• [Recorded information]
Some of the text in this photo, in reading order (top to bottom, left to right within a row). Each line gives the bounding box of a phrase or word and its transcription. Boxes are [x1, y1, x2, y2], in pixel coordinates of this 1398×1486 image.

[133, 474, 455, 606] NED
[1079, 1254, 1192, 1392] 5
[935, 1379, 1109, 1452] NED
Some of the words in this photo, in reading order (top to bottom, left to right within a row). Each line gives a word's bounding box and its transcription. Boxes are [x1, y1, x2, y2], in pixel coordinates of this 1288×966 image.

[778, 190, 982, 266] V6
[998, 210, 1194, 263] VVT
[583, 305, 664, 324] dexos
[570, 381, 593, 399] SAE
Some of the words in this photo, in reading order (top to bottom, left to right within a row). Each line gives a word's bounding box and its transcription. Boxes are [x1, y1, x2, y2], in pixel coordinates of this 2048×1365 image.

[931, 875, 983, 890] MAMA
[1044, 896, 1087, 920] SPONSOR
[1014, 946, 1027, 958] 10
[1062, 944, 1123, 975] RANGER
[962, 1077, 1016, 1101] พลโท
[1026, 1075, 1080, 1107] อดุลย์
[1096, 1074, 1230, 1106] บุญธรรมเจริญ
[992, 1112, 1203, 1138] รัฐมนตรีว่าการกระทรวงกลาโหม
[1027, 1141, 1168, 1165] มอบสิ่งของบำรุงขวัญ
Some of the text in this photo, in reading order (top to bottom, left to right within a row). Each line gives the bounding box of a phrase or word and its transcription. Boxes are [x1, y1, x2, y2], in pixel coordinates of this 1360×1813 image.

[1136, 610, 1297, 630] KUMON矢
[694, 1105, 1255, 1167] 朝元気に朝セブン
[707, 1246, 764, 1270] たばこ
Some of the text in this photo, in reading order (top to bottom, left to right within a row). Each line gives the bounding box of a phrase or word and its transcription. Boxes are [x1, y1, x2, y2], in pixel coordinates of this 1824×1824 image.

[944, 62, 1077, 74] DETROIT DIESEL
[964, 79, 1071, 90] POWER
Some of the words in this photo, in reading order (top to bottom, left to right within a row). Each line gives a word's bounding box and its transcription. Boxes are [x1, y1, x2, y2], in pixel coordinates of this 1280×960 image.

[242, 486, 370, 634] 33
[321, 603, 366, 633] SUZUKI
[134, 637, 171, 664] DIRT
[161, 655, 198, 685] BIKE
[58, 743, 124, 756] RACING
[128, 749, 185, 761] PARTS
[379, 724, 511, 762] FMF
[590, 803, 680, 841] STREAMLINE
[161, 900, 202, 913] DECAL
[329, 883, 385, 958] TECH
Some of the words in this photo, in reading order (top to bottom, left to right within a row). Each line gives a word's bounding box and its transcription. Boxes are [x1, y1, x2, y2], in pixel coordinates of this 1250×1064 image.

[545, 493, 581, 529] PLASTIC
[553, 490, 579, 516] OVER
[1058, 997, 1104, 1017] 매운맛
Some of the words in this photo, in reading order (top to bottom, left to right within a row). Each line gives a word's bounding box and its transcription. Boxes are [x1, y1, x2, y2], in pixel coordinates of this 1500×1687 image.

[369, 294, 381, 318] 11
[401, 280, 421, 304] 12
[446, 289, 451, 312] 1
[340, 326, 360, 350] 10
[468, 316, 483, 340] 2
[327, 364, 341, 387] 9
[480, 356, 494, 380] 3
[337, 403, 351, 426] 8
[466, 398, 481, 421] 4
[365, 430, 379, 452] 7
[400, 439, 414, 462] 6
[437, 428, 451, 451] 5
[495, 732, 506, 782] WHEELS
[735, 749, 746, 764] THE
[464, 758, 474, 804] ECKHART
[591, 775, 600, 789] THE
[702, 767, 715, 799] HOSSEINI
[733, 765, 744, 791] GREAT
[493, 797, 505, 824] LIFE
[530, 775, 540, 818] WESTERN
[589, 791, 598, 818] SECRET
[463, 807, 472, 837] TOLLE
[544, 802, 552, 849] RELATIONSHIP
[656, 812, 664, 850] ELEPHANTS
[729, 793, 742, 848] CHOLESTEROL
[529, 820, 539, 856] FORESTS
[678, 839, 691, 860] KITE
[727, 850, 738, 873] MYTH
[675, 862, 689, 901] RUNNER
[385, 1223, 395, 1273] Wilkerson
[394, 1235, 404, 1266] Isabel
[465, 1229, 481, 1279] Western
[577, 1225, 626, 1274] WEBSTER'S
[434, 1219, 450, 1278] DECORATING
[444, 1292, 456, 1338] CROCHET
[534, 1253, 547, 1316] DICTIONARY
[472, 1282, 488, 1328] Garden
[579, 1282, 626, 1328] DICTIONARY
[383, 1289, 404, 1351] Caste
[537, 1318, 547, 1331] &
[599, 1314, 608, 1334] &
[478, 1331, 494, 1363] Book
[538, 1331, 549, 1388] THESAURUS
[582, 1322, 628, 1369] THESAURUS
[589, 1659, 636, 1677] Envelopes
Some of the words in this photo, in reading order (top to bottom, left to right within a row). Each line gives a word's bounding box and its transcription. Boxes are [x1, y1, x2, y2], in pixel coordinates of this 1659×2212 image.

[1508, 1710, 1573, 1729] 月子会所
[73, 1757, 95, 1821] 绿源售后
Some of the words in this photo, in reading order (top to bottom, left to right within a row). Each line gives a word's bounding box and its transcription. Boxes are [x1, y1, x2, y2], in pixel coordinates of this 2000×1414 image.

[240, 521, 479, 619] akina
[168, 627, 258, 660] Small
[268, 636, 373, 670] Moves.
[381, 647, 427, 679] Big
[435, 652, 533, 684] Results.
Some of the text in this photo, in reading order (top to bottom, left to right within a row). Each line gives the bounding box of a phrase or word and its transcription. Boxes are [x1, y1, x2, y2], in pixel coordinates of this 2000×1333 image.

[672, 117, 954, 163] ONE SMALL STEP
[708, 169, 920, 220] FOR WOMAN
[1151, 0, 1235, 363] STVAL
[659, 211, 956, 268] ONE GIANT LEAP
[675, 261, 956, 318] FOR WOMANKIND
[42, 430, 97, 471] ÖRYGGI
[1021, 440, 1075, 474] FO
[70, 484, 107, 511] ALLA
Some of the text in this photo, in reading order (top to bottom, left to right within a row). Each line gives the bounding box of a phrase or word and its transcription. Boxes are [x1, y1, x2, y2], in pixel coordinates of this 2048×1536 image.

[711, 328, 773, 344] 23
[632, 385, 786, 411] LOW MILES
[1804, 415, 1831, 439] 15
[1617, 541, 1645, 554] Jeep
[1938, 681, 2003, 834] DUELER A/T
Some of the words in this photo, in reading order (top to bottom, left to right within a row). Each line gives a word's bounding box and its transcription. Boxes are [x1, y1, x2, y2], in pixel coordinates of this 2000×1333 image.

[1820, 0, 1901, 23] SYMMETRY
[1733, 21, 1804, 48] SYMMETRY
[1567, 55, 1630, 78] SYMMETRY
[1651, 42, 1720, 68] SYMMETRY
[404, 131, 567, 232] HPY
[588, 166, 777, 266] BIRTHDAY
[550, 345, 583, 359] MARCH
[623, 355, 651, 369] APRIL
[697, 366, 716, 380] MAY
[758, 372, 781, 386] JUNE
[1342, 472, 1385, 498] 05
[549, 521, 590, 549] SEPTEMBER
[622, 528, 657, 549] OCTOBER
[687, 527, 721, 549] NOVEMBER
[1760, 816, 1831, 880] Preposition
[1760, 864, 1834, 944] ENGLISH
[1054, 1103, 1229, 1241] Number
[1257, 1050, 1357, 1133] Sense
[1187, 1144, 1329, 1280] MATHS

• [Exercise brief] Recopy the entries above exactly, with every line included.

• [Answer space]
Some of the text in this photo, in reading order (top to bottom, left to right within a row). Each line gives the bounding box of a phrase or word and its transcription. Boxes are [x1, y1, x2, y2], in pixel coordinates of this 1398×1486 image.

[133, 474, 455, 606] NED
[1079, 1254, 1192, 1392] 5
[935, 1379, 1109, 1452] NED
Some of the words in this photo, in reading order (top to bottom, left to right within a row). Each line gives a word's bounding box and its transcription. Boxes are [x1, y1, x2, y2], in pixel coordinates of this 1288×966 image.

[778, 190, 982, 266] V6
[998, 210, 1194, 263] VVT
[583, 305, 664, 324] dexos
[570, 381, 593, 399] SAE
Some of the words in this photo, in reading order (top to bottom, left to right within a row). Each line gives a word's bounding box and its transcription. Boxes are [x1, y1, x2, y2], in pixel coordinates of this 2048×1365 image.

[931, 875, 983, 890] MAMA
[1044, 896, 1087, 920] SPONSOR
[1014, 946, 1027, 958] 10
[1062, 944, 1123, 975] RANGER
[962, 1077, 1016, 1101] พลโท
[1026, 1075, 1080, 1107] อดุลย์
[1096, 1074, 1230, 1106] บุญธรรมเจริญ
[992, 1112, 1203, 1138] รัฐมนตรีว่าการกระทรวงกลาโหม
[1027, 1141, 1168, 1165] มอบสิ่งของบำรุงขวัญ
Some of the text in this photo, in reading order (top to bottom, left to right within a row). Each line gives the bounding box of a phrase or word and its transcription. Boxes are [x1, y1, x2, y2], in pixel coordinates of this 1360×1813 image.

[1136, 610, 1297, 630] KUMON矢
[694, 1105, 1255, 1167] 朝元気に朝セブン
[707, 1246, 764, 1270] たばこ
Some of the text in this photo, in reading order (top to bottom, left to right within a row). Each line gives the bounding box of a phrase or word and its transcription. Boxes are [x1, y1, x2, y2], in pixel coordinates of this 1824×1824 image.

[944, 62, 1077, 74] DETROIT DIESEL
[964, 79, 1071, 90] POWER
Some of the words in this photo, in reading order (top to bottom, left to right within a row). Each line gives a word's bounding box and its transcription. Boxes are [x1, y1, x2, y2], in pixel coordinates of this 1280×960 image.

[242, 486, 370, 634] 33
[321, 603, 366, 633] SUZUKI
[134, 637, 171, 664] DIRT
[161, 655, 198, 685] BIKE
[58, 743, 124, 756] RACING
[128, 749, 185, 761] PARTS
[379, 724, 511, 762] FMF
[590, 803, 680, 841] STREAMLINE
[161, 900, 202, 913] DECAL
[329, 883, 385, 958] TECH
Some of the words in this photo, in reading order (top to bottom, left to right within a row). Each line gives a word's bounding box and its transcription. Boxes are [x1, y1, x2, y2], in pixel coordinates of this 1250×1064 image.

[545, 493, 581, 529] PLASTIC
[553, 490, 579, 516] OVER
[1058, 997, 1104, 1017] 매운맛
Some of the words in this photo, in reading order (top to bottom, left to right within a row). Each line gives a word's bounding box and its transcription. Boxes are [x1, y1, x2, y2], in pixel coordinates of this 1500×1687 image.

[369, 294, 381, 318] 11
[401, 280, 421, 304] 12
[446, 289, 451, 312] 1
[340, 326, 360, 350] 10
[468, 316, 483, 340] 2
[327, 364, 341, 387] 9
[480, 356, 494, 380] 3
[337, 403, 351, 426] 8
[466, 398, 481, 421] 4
[365, 430, 379, 452] 7
[400, 439, 414, 462] 6
[437, 428, 451, 451] 5
[495, 732, 506, 782] WHEELS
[735, 749, 746, 764] THE
[464, 758, 474, 804] ECKHART
[591, 775, 600, 789] THE
[702, 767, 715, 799] HOSSEINI
[733, 765, 744, 791] GREAT
[493, 797, 505, 824] LIFE
[530, 775, 540, 818] WESTERN
[589, 791, 598, 818] SECRET
[463, 807, 472, 837] TOLLE
[544, 802, 552, 849] RELATIONSHIP
[656, 812, 664, 850] ELEPHANTS
[729, 793, 742, 848] CHOLESTEROL
[529, 820, 539, 856] FORESTS
[678, 839, 691, 860] KITE
[727, 850, 738, 873] MYTH
[675, 862, 689, 901] RUNNER
[385, 1223, 395, 1273] Wilkerson
[394, 1235, 404, 1266] Isabel
[465, 1229, 481, 1279] Western
[577, 1225, 626, 1274] WEBSTER'S
[434, 1219, 450, 1278] DECORATING
[444, 1292, 456, 1338] CROCHET
[534, 1253, 547, 1316] DICTIONARY
[472, 1282, 488, 1328] Garden
[579, 1282, 626, 1328] DICTIONARY
[383, 1289, 404, 1351] Caste
[537, 1318, 547, 1331] &
[599, 1314, 608, 1334] &
[478, 1331, 494, 1363] Book
[538, 1331, 549, 1388] THESAURUS
[582, 1322, 628, 1369] THESAURUS
[589, 1659, 636, 1677] Envelopes
Some of the words in this photo, in reading order (top to bottom, left to right within a row). Each line gives a word's bounding box and its transcription. Boxes are [x1, y1, x2, y2], in pixel coordinates of this 1659×2212 image.

[1508, 1710, 1573, 1729] 月子会所
[73, 1757, 95, 1821] 绿源售后
Some of the words in this photo, in reading order (top to bottom, left to right within a row). Each line gives a word's bounding box and its transcription. Boxes are [x1, y1, x2, y2], in pixel coordinates of this 2000×1414 image.

[240, 521, 479, 619] akina
[168, 627, 258, 660] Small
[268, 636, 373, 670] Moves.
[381, 647, 427, 679] Big
[435, 652, 533, 684] Results.
Some of the text in this photo, in reading order (top to bottom, left to right within a row). Each line gives the bounding box of a phrase or word and its transcription. Boxes are [x1, y1, x2, y2], in pixel coordinates of this 2000×1333 image.

[672, 117, 954, 163] ONE SMALL STEP
[708, 169, 920, 220] FOR WOMAN
[1151, 0, 1235, 363] STVAL
[659, 211, 956, 268] ONE GIANT LEAP
[675, 261, 956, 318] FOR WOMANKIND
[42, 430, 97, 471] ÖRYGGI
[1021, 440, 1075, 474] FO
[70, 484, 107, 511] ALLA
Some of the text in this photo, in reading order (top to bottom, left to right within a row). Each line gives the bounding box of a phrase or word and its transcription. Boxes are [x1, y1, x2, y2], in pixel coordinates of this 2048×1536 image.

[711, 328, 773, 344] 23
[632, 385, 786, 411] LOW MILES
[1804, 415, 1831, 439] 15
[1617, 541, 1645, 554] Jeep
[1938, 681, 2003, 834] DUELER A/T
Some of the words in this photo, in reading order (top to bottom, left to right within a row). Each line gives a word's bounding box and its transcription. Boxes are [x1, y1, x2, y2], in pixel coordinates of this 2000×1333 image.

[1820, 0, 1901, 23] SYMMETRY
[1733, 21, 1804, 48] SYMMETRY
[1567, 55, 1630, 78] SYMMETRY
[1651, 42, 1720, 68] SYMMETRY
[404, 131, 567, 232] HPY
[588, 166, 777, 266] BIRTHDAY
[550, 345, 583, 359] MARCH
[623, 355, 651, 369] APRIL
[697, 366, 716, 380] MAY
[758, 372, 781, 386] JUNE
[1342, 472, 1385, 498] 05
[549, 521, 590, 549] SEPTEMBER
[622, 528, 657, 549] OCTOBER
[687, 527, 721, 549] NOVEMBER
[1760, 816, 1831, 880] Preposition
[1760, 864, 1834, 944] ENGLISH
[1054, 1103, 1229, 1241] Number
[1257, 1050, 1357, 1133] Sense
[1187, 1144, 1329, 1280] MATHS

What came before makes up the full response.